Everyday Life
6.4
Everyday Life

Album de Coldplay (2019)

Depuis le début de sa carrière, il y a vingt ans, Coldplay a toujours eu la volonté d'être consensuel. Parachutes les a vu émerger comme les dignes descendants de Radiohead. A Rush of Blood to the Head les a vus emprunter les pas d'Echo and the Bunnymen. X&Y, puis (surtout) le flamboyant Viva La Vida, ont consacré la bande de Chris Martin comme successeurs de U2 en tant que maîtres de cérémonie dans les plus grands stades du monde. Enfin, entre les deux Mylo Xyloto et A Head Full of Dreams (dans la lignée des plus belles daubes de Maroon 5, même si tout n'est pas à jeter dans ces deux opus), se cache Ghost Stories, album cathartique dont la magie de Parachutes manque cruellement (Coldplay qui fait du sous-Coldplay, la honte).
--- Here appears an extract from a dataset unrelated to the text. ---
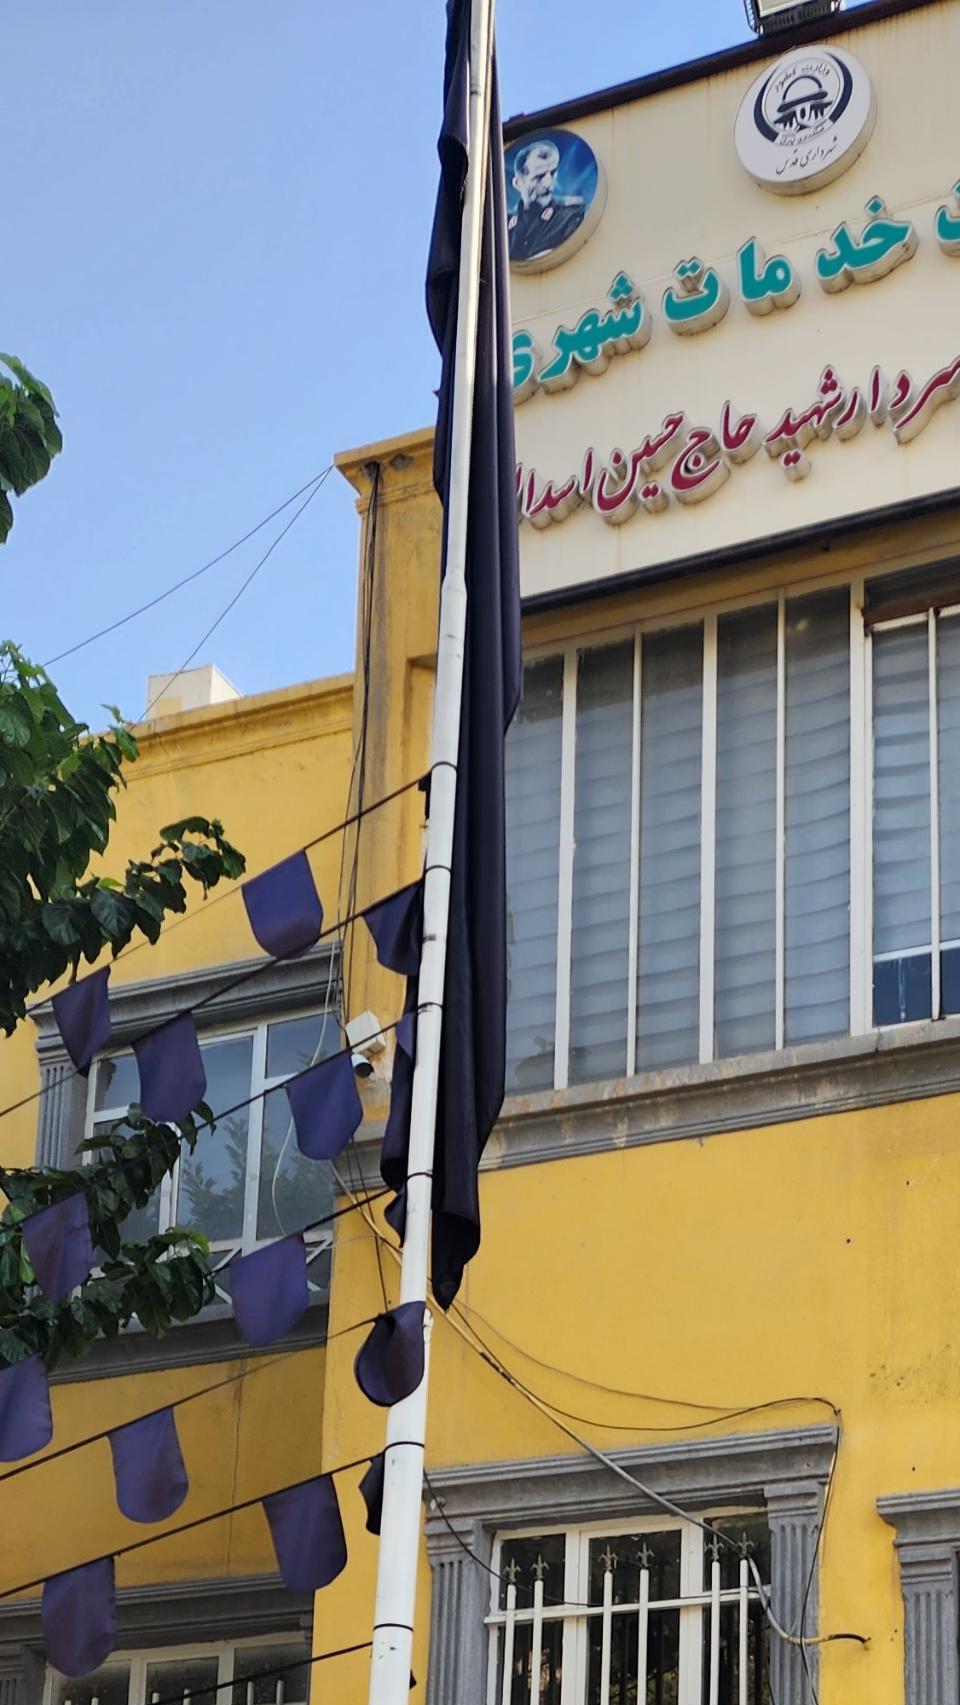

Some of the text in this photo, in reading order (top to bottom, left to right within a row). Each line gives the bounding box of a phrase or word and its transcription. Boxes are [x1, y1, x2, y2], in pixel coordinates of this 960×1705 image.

Vous l'aurez compris au ton de cette introduction: si la décennie 2000 m'a fait profondément aimé le son de Coldplay, à la fois mainstream et exigeant, la suivante a vu les désillusions s'enchaîner. Les albums où toutes les chansons présentaient un intérêt certain et des arrangements efficaces ont laissé place à ceux où seules quelques chansons surnagent (Midnight, Magic, Hurts Like Heaven, Charlie Brown) dans un océan de daube, de lumières criardes et de mélodies fainéantes. Si on devait prendre une métaphore culinaire, on passerait du simple mais efficace moelleux au chocolat (avec son coeur coulant) à un gâteau sec au chocolat, badigeonné d'un pot de Nutella entier et de Smarties pour essayer de faire passer la pilule comme on peut.


Bref, à l'aune de la sortie de ce nouvel album, je n'attendais plus rien de bon de Coldplay, groupe, pensais-je, devenu caricatural, en pilote automatique, et englué dans une pop sans saveur et prise de risque. C'est donc, sans attente particulière, que j'écoute les premiers singles issus de la nouvelle fournée du groupe. Si Orphans reprend les recettes d'une chanson pop mainstream (avec l'EDM en moins tout de même), Arabesque voit le groupe collaborer avec Stromae pour un résultat audacieux. Avec un riff de guitare qui donne le tempo (un peu comme dans Yes ou Violet Hill), et ses trompettes, Coldplay ose, expérimente un peu, et sort légèrement des carcans où il était resté bloqué pendant dix ans. Si la chanson éponyme demeure un peu anonyme et manque de sortir de l'ordinaire, l'espoir d'un bon album de Coldplay renaît de plus belle avec Daddy, l'une des plus belles balades du groupe (minimaliste mais juste, sans jamais tomber dans le lacrymal), et Champion of the World, titre fédérateur qui ne serait pas ridicule dans une petite salle.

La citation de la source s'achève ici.